Task details:
While you copy the lines below, skip the pictures and keep the rest exact.

Image-backed grounding data:
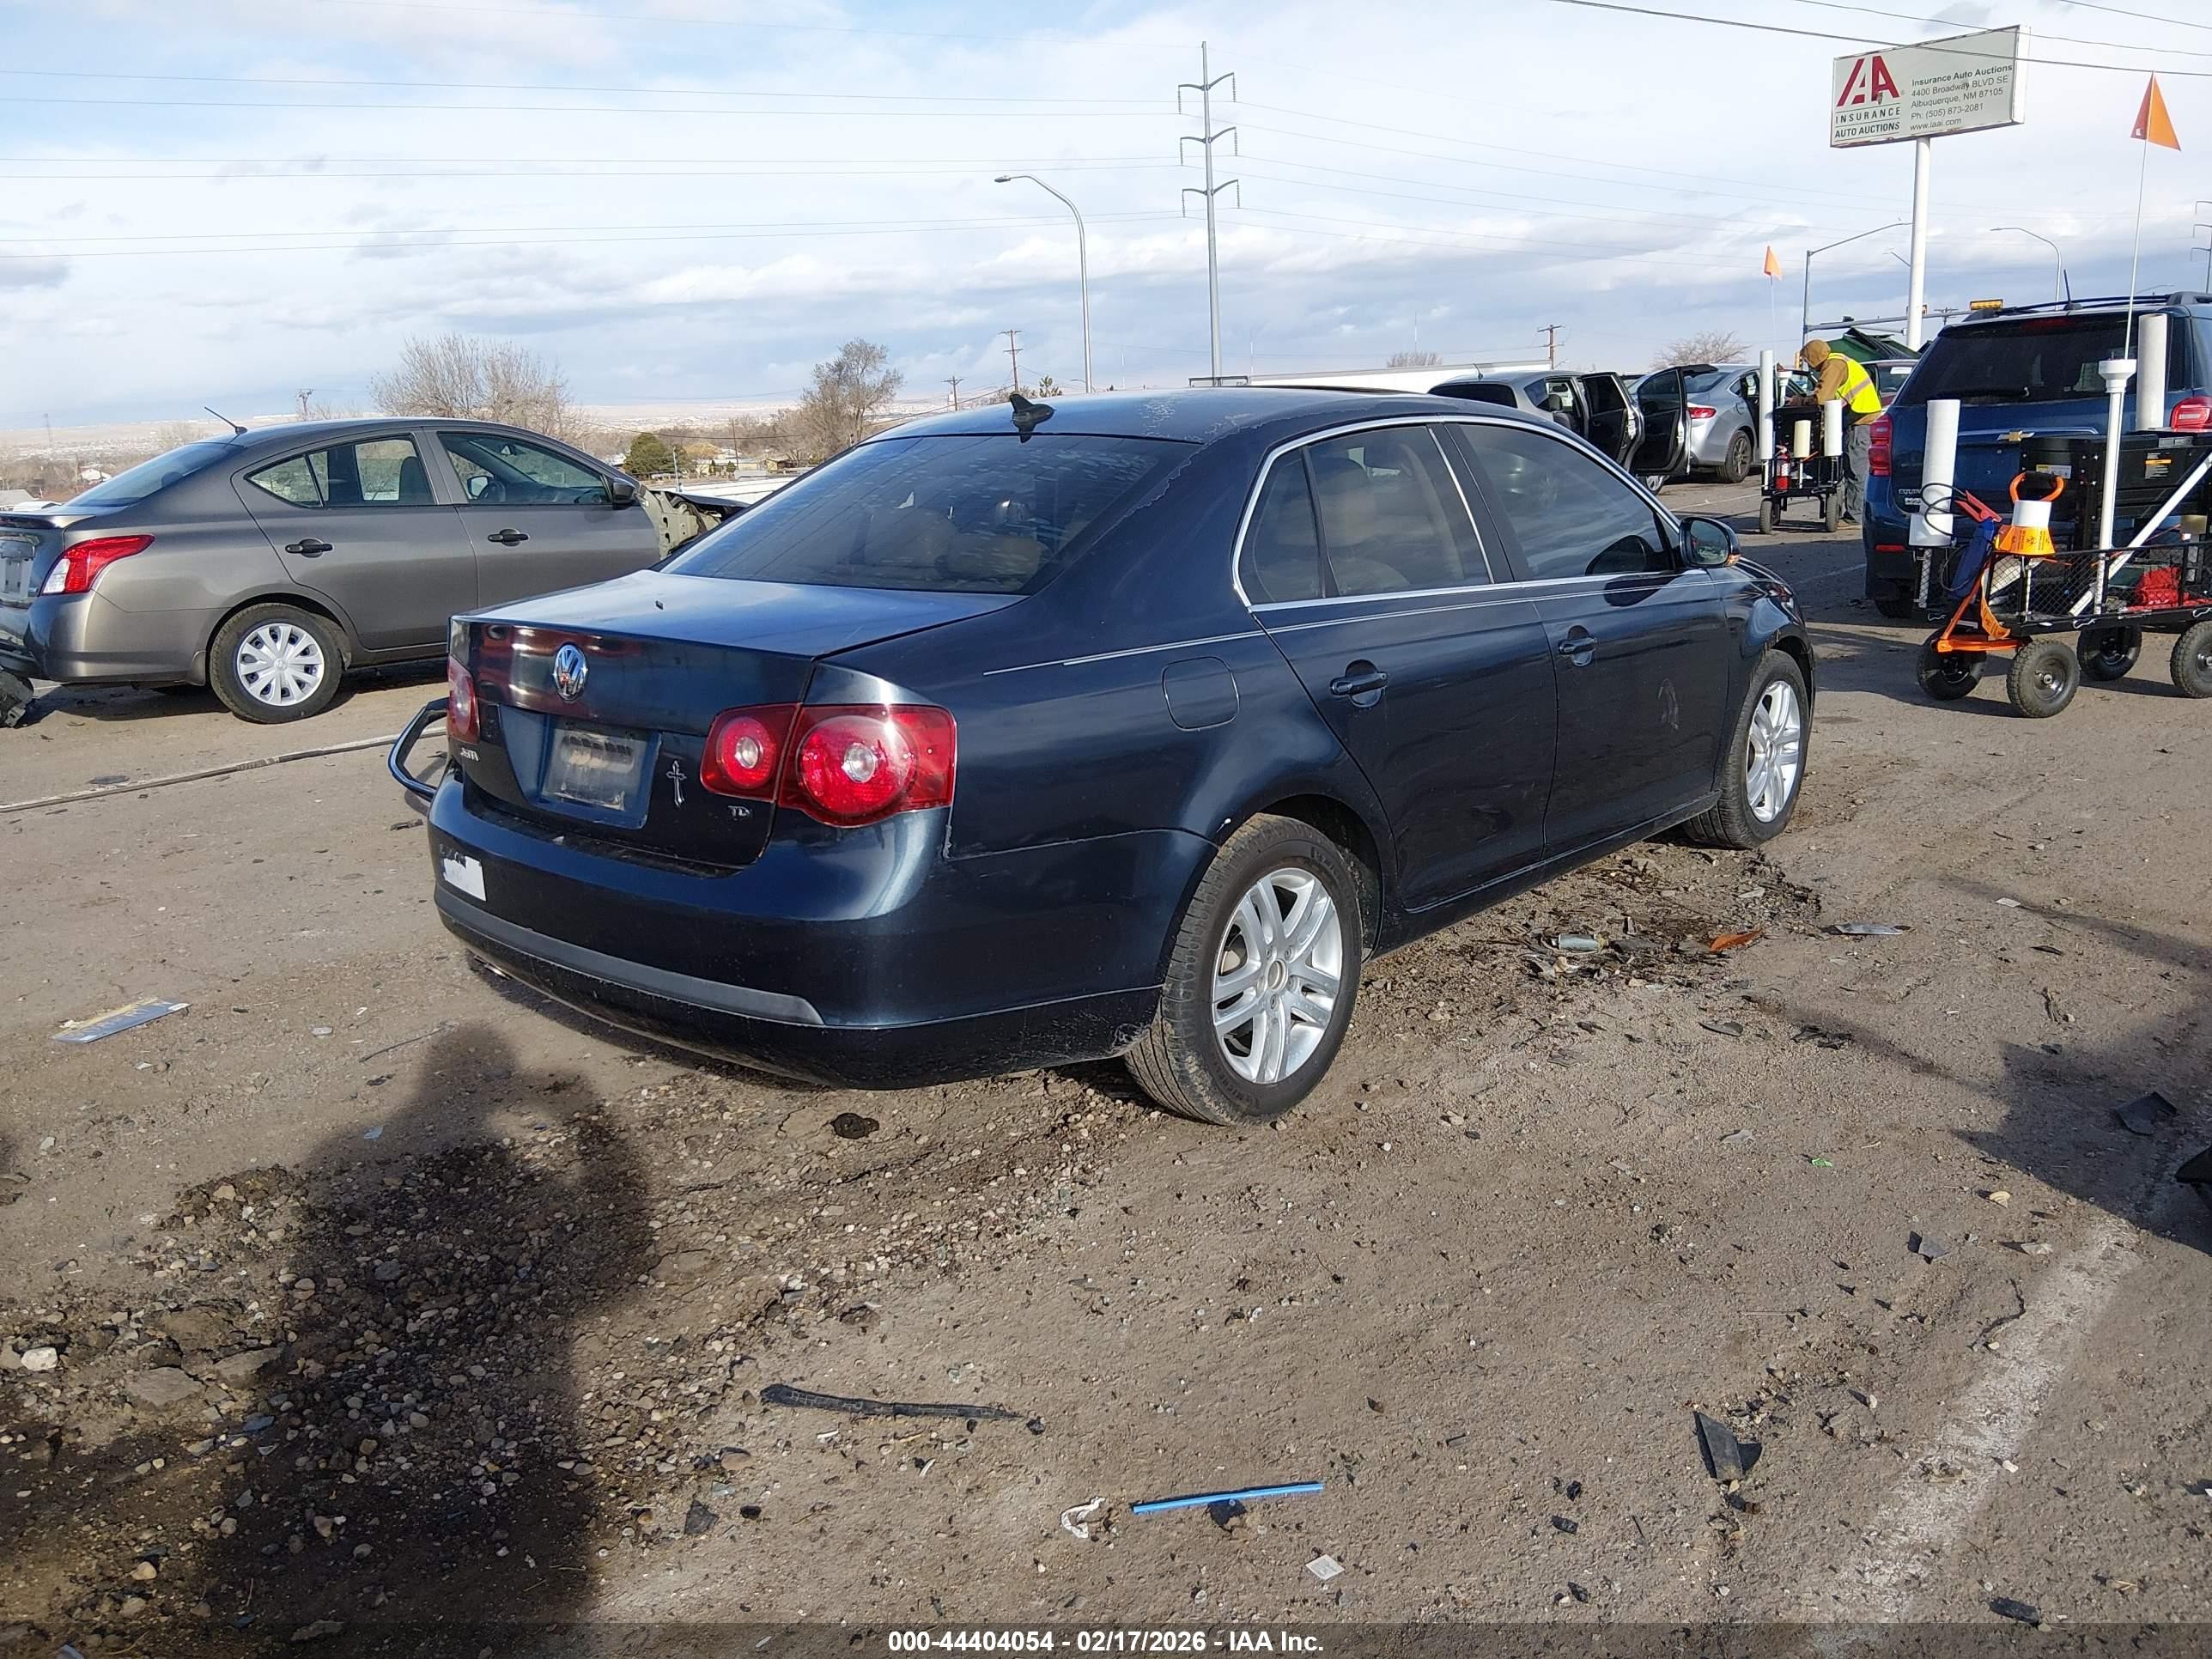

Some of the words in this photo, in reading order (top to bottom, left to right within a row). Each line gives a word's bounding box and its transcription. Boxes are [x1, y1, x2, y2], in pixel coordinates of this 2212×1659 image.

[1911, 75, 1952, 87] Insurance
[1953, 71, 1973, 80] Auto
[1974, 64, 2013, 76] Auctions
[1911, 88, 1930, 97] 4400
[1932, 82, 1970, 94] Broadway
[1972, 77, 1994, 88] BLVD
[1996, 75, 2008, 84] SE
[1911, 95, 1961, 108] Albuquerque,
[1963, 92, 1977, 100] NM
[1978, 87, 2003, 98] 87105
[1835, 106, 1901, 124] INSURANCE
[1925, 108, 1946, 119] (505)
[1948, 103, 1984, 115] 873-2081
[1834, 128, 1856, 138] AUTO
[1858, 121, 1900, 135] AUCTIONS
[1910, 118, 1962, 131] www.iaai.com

Result:
Some of the words in this photo, in reading order (top to bottom, left to right within a row). Each line gives a word's bounding box and its transcription. Boxes are [x1, y1, x2, y2], in pixel coordinates of this 2212×1659 image.

[1911, 75, 1952, 87] Insurance
[1953, 71, 1973, 80] Auto
[1974, 64, 2013, 76] Auctions
[1911, 88, 1930, 97] 4400
[1932, 82, 1970, 94] Broadway
[1972, 77, 1994, 88] BLVD
[1996, 75, 2008, 84] SE
[1911, 95, 1961, 108] Albuquerque,
[1963, 92, 1977, 100] NM
[1978, 87, 2003, 98] 87105
[1835, 106, 1901, 124] INSURANCE
[1925, 108, 1946, 119] (505)
[1948, 103, 1984, 115] 873-2081
[1834, 128, 1856, 138] AUTO
[1858, 121, 1900, 135] AUCTIONS
[1910, 118, 1962, 131] www.iaai.com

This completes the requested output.